Now create a new GitHub repo for your plugin.

Once the repo is created, you'll be presented with a screen like so:

Make sure "SSH" is selected (shown in the first red box in the screenshot).

Pushing your code

Before going further, make sure you set your plugin version in Cargo.toml. Each release should increment this number.

Open a terminal in your plugin project (the folder that contains Cargo.toml).

If it doesn't exist, create a file called .gitignore with the following contents:

/target

Then run the following:

git init
git add .
git commit -m "Whatever message you want for your commit"

If this was successful, look back at the previous screenshot, and see where the second red box is at the bottom of the picture.

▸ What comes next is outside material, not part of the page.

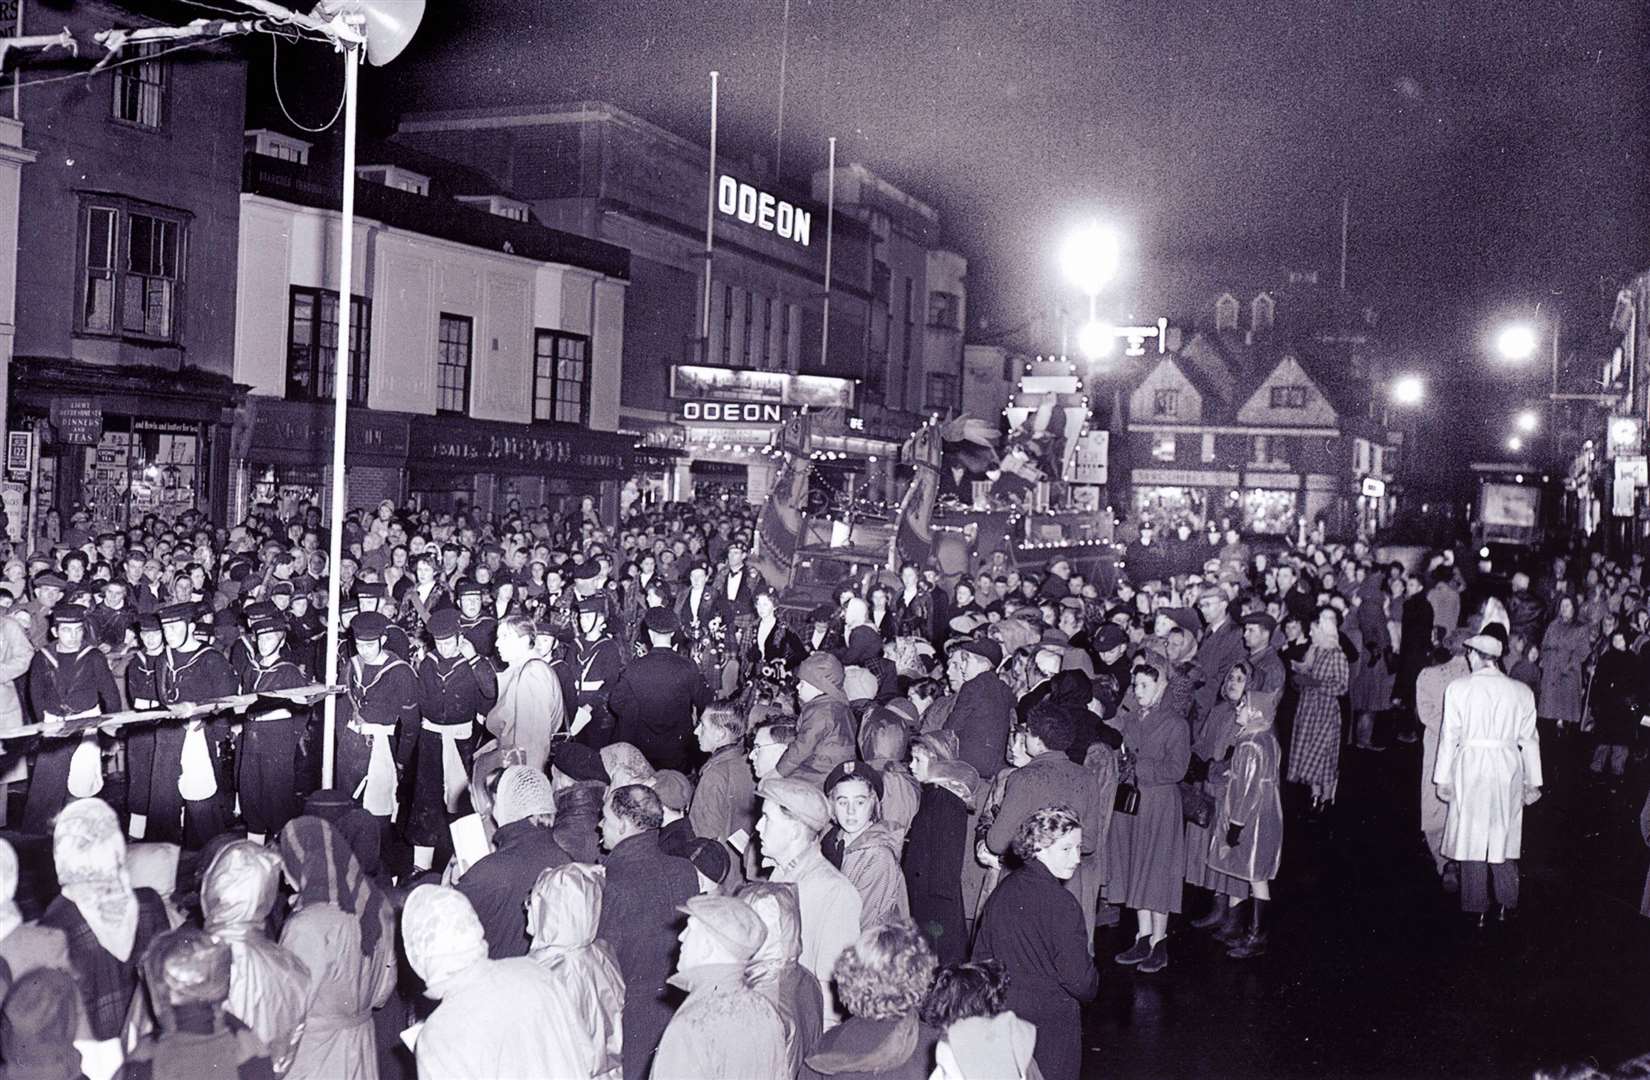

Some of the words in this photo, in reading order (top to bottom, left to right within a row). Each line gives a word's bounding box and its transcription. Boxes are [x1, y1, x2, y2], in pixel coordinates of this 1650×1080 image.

Find this code block on the GitHub page for your new repo, and run them in your terminal. It should look something like this:

git remote add origin git@github.com:MeguminSama/test.git
git branch -M main
git push -u origin main

Compiling a Release

To compile your plugin for release, you'll want to make a specific release build which will be much more optimised. Just run:

cargo build --release

It will place the .dll in the ./target/release/ folder, instead of the usual ./target/debug/ folder.

Creating a Release

If you refresh your GitHub repository page, you should see your code there now. Below the project name, at the top of the page, there should be some text that says 0 Tags. Click it and create a new release.

Give it a tag — usually this would be your version, e.g. v0.1.0

Give it a title — this should start with the version, but you can add a title after too, e.g. v0.1.0 - My First Release!

Give it a description — this should explain what you've changed since the last release. If it's your first release, you can just talk about what the plugin does.

Give it the files — upload ./target/release/your-plugin.dll and ./config.toml (triple-check that the DLL name matches the executable name in config.toml)

Finally, click "Publish release".

Converting Game Assets

In order to get started with modding, it is a good idea to start with the game's assets. To begin browsing the assets, it needs to be unpacked to unveil the thousands of assets the game has.

The game assets are stored in packages at the root of the game directory and they are not convenient to modify. They need to be converted into a format that allows for easy modification. These assets include, but are not limited to, textures, models and audio.

Converter

Note: The tool in this section is still in an experimental phase, and does not support unpacking every type of asset into a usable format.

The converter is an executable file capable of two-way conversion. This allows it to be able to convert game assets into usable formats, and vice versa.

The executable is assumed to be in the root of the game's directory to properly work by default. When executed without providing any arguments, the converter begins unpacking and creates a .unpacked folder in the current directory where assets will be dumped into. Once the tool has finished running, feel free to browse the folder for assets.

If you require more advanced use cases of the tool such as packing or specifying the source/ destination paths, run the converter in a terminal with the --help flag for options.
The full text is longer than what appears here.